I meant to add that git-arm-smp.patch breaks suspend/resume, even
applied in isolation against 2.6.12-rc6.

Richard


^ permalink raw reply	[flat|nested] 72+ messages in thread

* Re: 2.6.12-rc6-mm1
  2005-06-18 22:39 ` 2.6.12-rc6-mm1 Richard Purdie
  2005-06-18 22:44   ` 2.6.12-rc6-mm1 Andrew Morton
@ 2005-06-18 23:18   ` Russell King
  2005-06-19  1:20     ` 2.6.12-rc6-mm1 Richard Purdie
  1 sibling, 1 reply; 72+ messages in thread
From: Russell King @ 2005-06-18 23:18 UTC (permalink / raw)
  To: Richard Purdie; +Cc: LKML, Andrew Morton

On Sat, Jun 18, 2005 at 11:39:18PM +0100, Richard Purdie wrote:
> On Tue, 2005-06-07 at 04:29 -0700, Andrew Morton wrote:
> > +git-arm-smp.patch
> > 
> >  ARM git trees
> 
> The arm pxa255 based Zaurus won't resume from a suspend with the patches
> from the above tree applied. The suspend looks normal and gets at least
> as far as pxa_pm_enter(). After that, the device appears to be dead and
> needs a battery removal to reset. I'm unsure if it actually suspends and
> is failing to resume or is crashing in the latter suspend stages.

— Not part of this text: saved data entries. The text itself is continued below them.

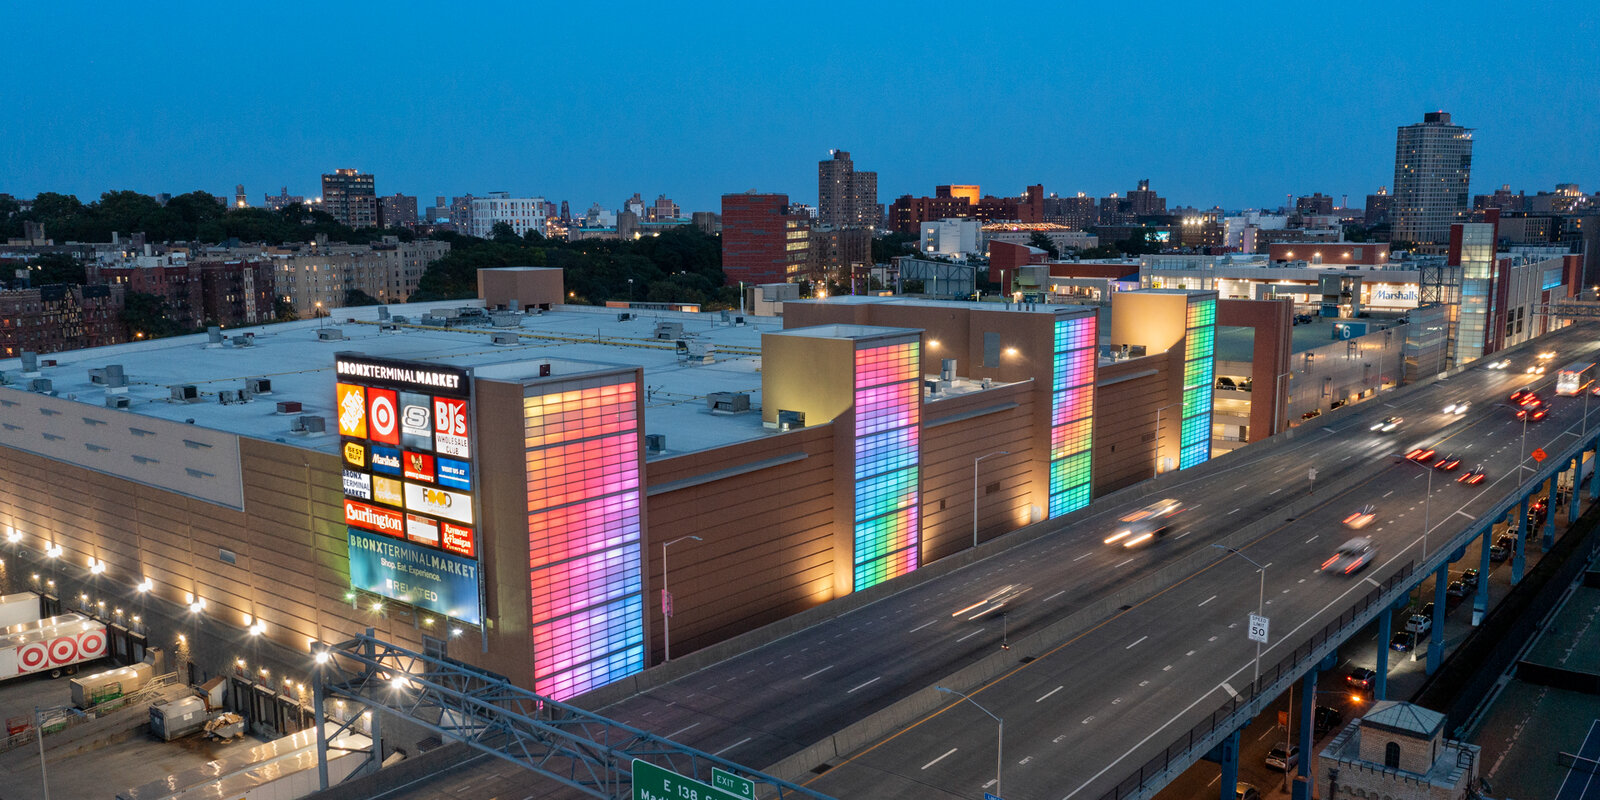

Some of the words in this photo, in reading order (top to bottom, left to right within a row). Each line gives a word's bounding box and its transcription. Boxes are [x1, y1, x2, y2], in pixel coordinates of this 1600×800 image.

[1374, 290, 1418, 300] Marshalls
[1343, 325, 1351, 339] 6
[435, 401, 466, 435] BJ's
[437, 436, 467, 447] WHOLESALE
[348, 446, 362, 455] BEST
[446, 445, 459, 455] CLUB
[349, 453, 361, 462] BUY
[372, 453, 400, 467] Marshalls
[343, 469, 362, 480] BRONX
[343, 478, 369, 490] TERMINAL
[344, 487, 366, 499] MARKET
[346, 503, 402, 531] Burlington
[381, 557, 396, 570] Shop.
[397, 562, 408, 572] Eat.
[409, 566, 441, 582] Experience.
[393, 580, 438, 602] RELATED
[1252, 627, 1265, 637] 50
[664, 779, 671, 792] E
[678, 784, 698, 800] 138
[716, 775, 735, 788] EXIT
[742, 783, 750, 795] 3
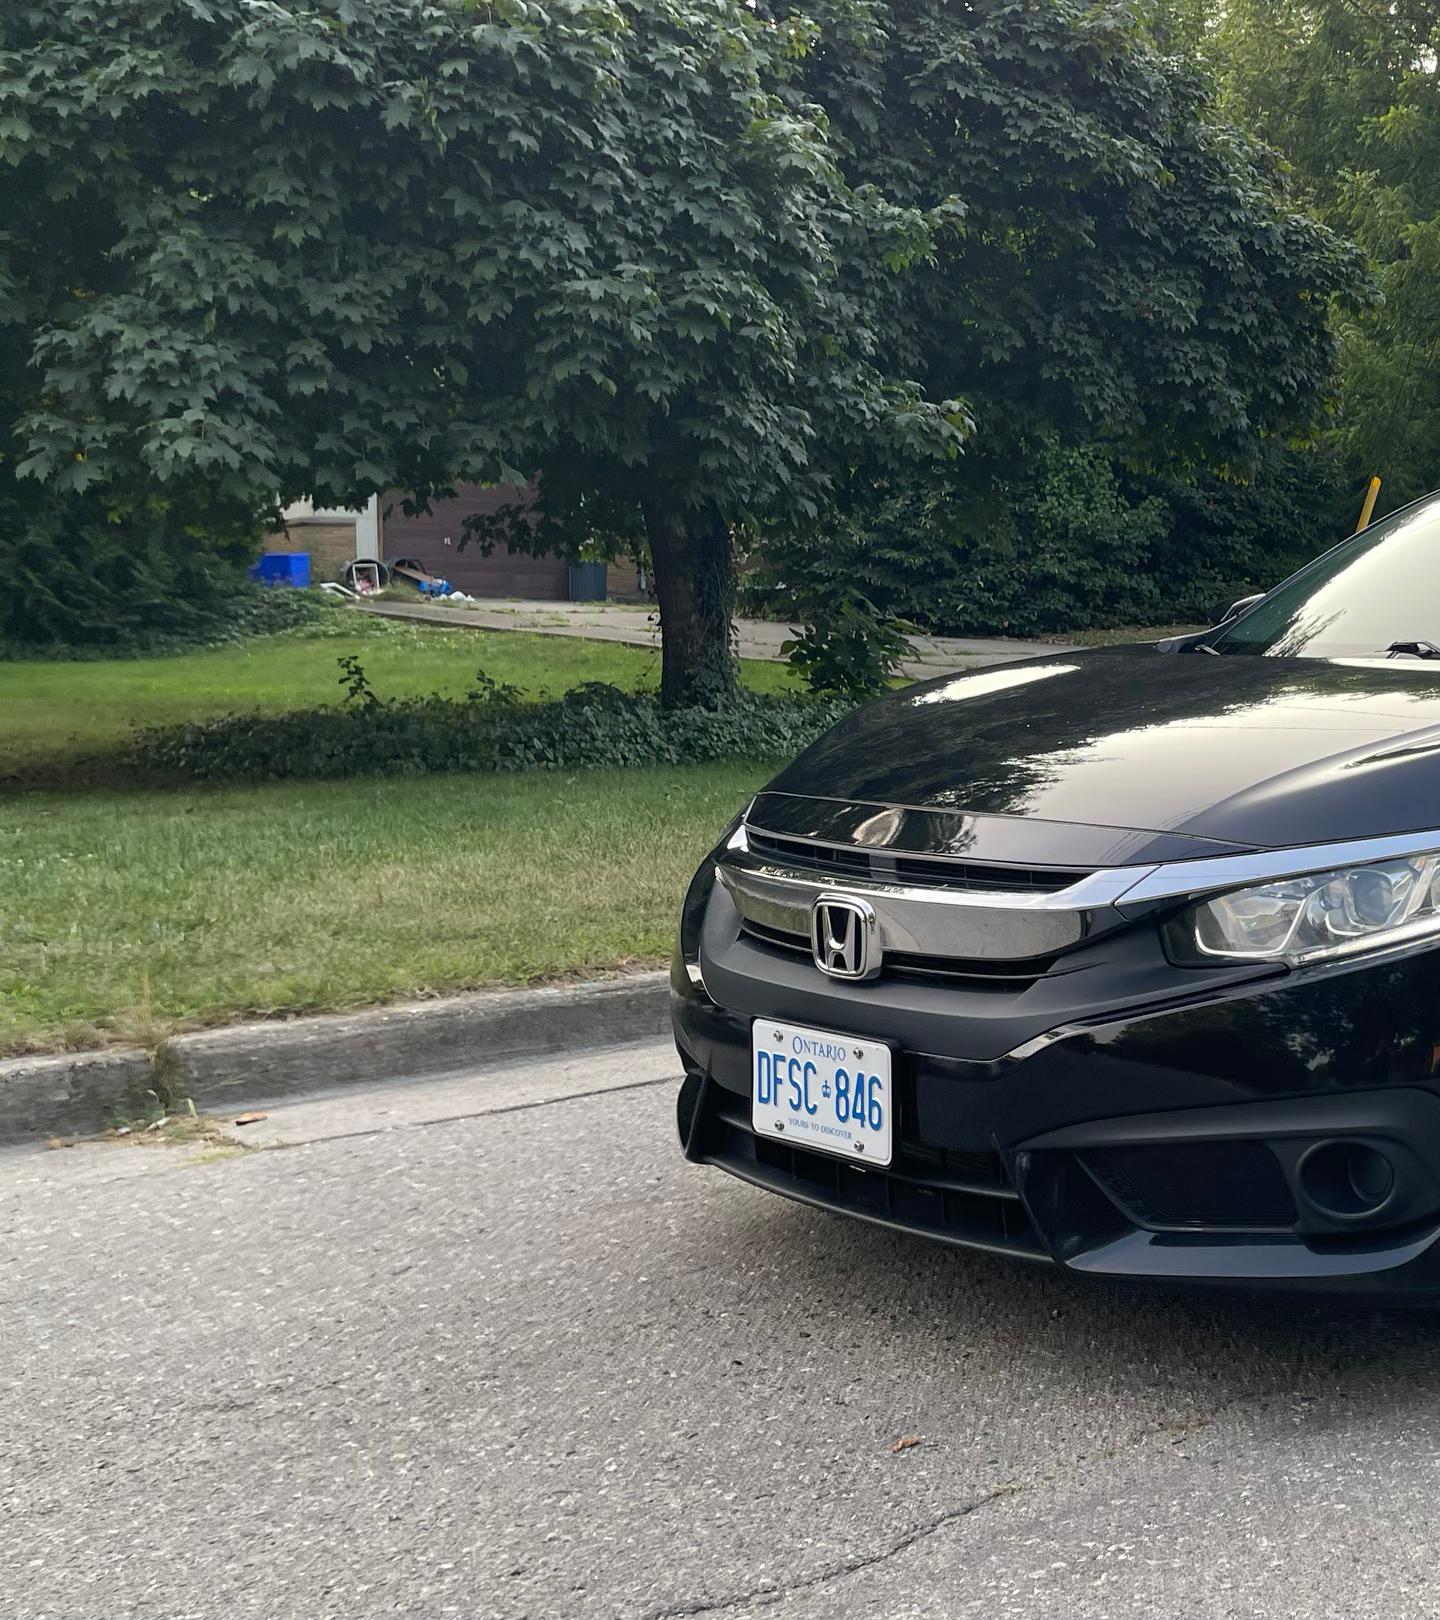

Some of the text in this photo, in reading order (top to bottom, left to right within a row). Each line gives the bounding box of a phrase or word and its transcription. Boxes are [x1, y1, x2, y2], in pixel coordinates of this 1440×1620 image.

<grumble>Well, its a bit late for this since (a) stuff has rapidly
moved on at rmk towers since 2.6.12 was released this morning, and
(b) I've just asked Linus to pull this.</grumble>

Thinking about what's probably happening, I suspect all the ARM suspend
and resume code needs to be reworked to save more state.  I'll try to
cook up a patch tomorrow to fix it, but I'll need you to provide
feedback.

Please note that you may see other ARM breakage over the next month
or so - I'm going to be concentrating on merging ARM SMP support,
and whatever bashing other people like yourself can give the kernel
will help ensure that problems are picked up quickly.

-- 
Russell King
 Linux kernel    2.6 ARM Linux   - http://www.arm.linux.org.uk/
 maintainer of:  2.6 Serial core

^ permalink raw reply	[flat|nested] 72+ messages in thread

* Re: 2.6.12-rc6-mm1
  2005-06-18 23:18   ` 2.6.12-rc6-mm1 Russell King
@ 2005-06-19  1:20     ` Richard Purdie
  2005-06-19  9:02       ` 2.6.12-rc6-mm1 Russell King
  0 siblings, 1 reply; 72+ messages in thread
From: Richard Purdie @ 2005-06-19  1:20 UTC (permalink / raw)
  To: Russell King; +Cc: LKML, Andrew Morton

On Sun, 2005-06-19 at 00:18 +0100, Russell King wrote: 
> On Sat, Jun 18, 2005 at 11:39:18PM +0100, Richard Purdie wrote:
> > On Tue, 2005-06-07 at 04:29 -0700, Andrew Morton wrote:
> > > +git-arm-smp.patch
> > > 
> > >  ARM git trees
> > 
> > The arm pxa255 based Zaurus won't resume from a suspend with the patches
> > from the above tree applied. The suspend looks normal and gets at least
> > as far as pxa_pm_enter(). After that, the device appears to be dead and
> > needs a battery removal to reset. I'm unsure if it actually suspends and
> > is failing to resume or is crashing in the latter suspend stages.
> 
> <grumble>Well, its a bit late for this since (a) stuff has rapidly
> moved on at rmk towers since 2.6.12 was released this morning, and
> (b) I've just asked Linus to pull this.</grumble>

Please don't underestimate the time it takes to wade through all the
patches in the -mm tree, find the one causing the breakage, investigate
the patch and report it to the person concerned. I'm doing the Zaurus
work in my spare time and don't get paid for it. Just reflashing and
booting a new kernel probably takes ~15mins on the Zaurus.  The
copy/clearpage problem took a complete weekend to track down (as it was
showing up randomly) and then needed further evenings to debug your
patch which is a large chunk of my free time. The Checked-By: line
didn't quite give the full picture.

I realise its taken me a while to find enough time to test/debug this
kernel but as least you now know there's a problem...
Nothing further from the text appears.